## ACTIVITY
Please repeat the records beneath this task exactly as they appear, but skip the images.

** MATERIAL PROVIDED follows **

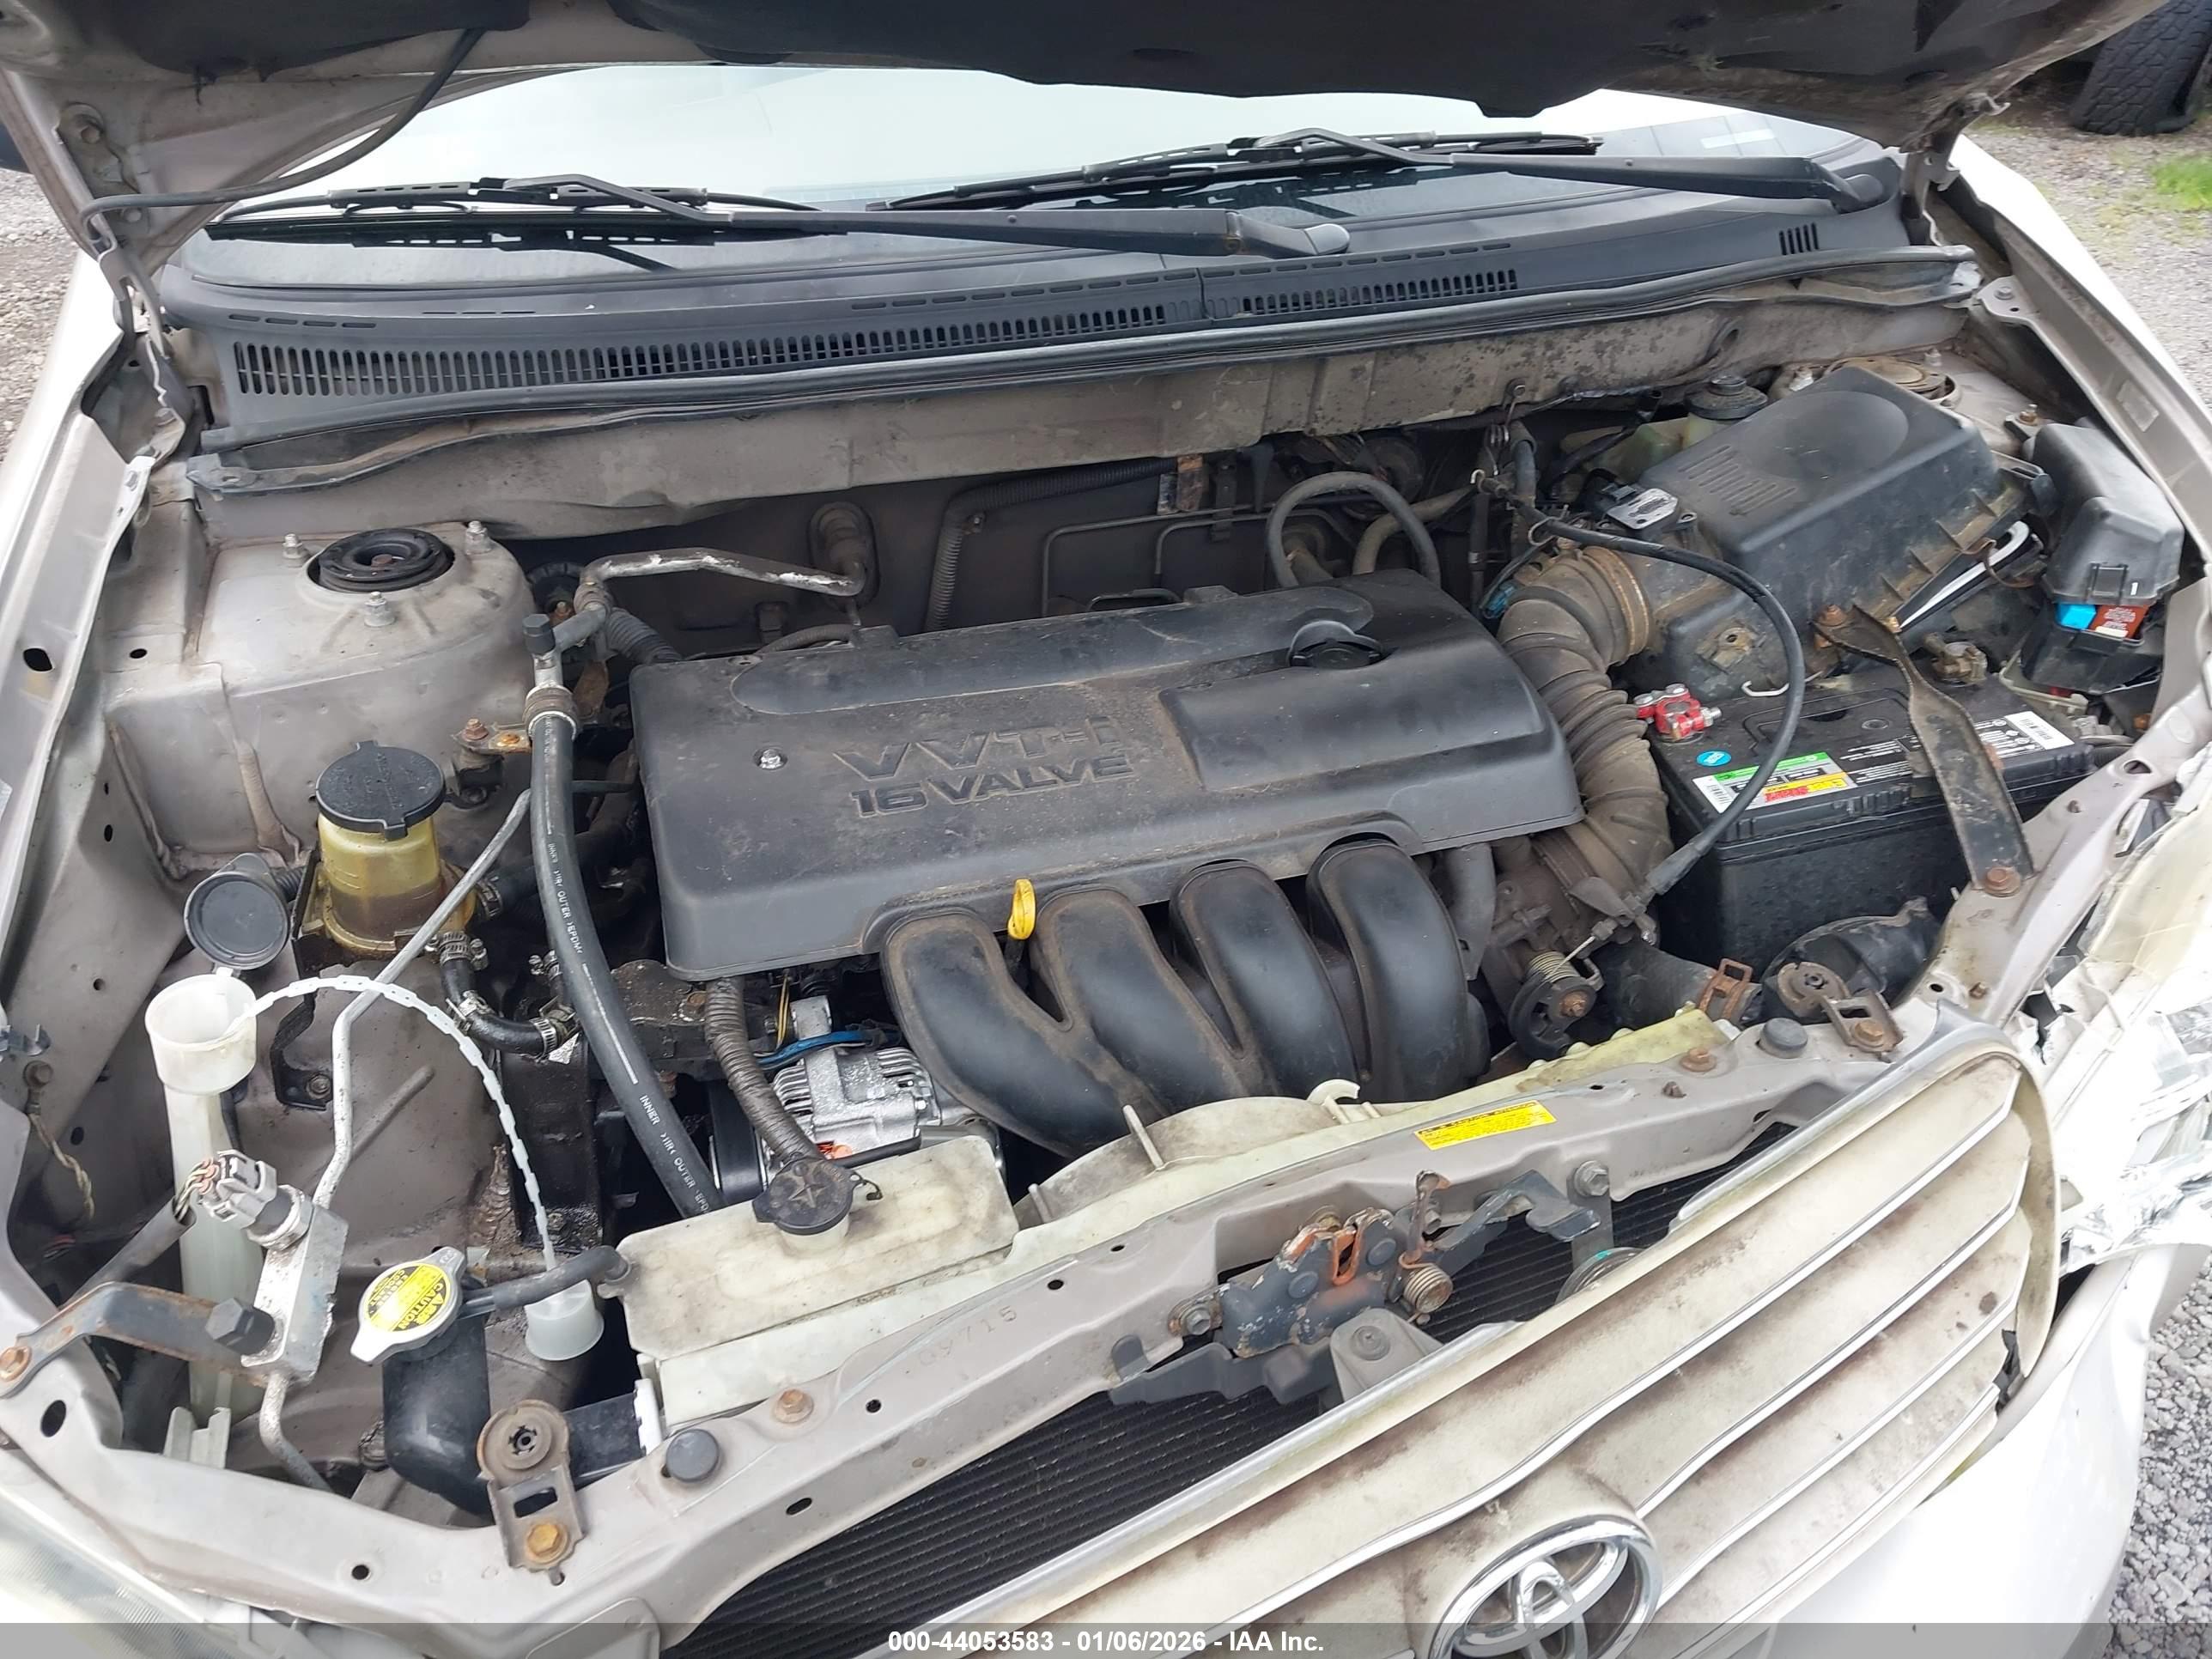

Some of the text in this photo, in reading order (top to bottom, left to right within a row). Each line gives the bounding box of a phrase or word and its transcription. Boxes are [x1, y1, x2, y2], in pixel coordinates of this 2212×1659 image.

[556, 890, 572, 920] OUTER
[639, 1094, 660, 1126] INNER
[673, 1157, 696, 1189] OUTER
[398, 1282, 444, 1330] CAUTION

** End of MATERIAL PROVIDED **

## WRITTEN RESPONSE
Some of the text in this photo, in reading order (top to bottom, left to right within a row). Each line gives the bounding box of a phrase or word and its transcription. Boxes are [x1, y1, x2, y2], in pixel coordinates of this 2212×1659 image.

[556, 890, 572, 920] OUTER
[639, 1094, 660, 1126] INNER
[673, 1157, 696, 1189] OUTER
[398, 1282, 444, 1330] CAUTION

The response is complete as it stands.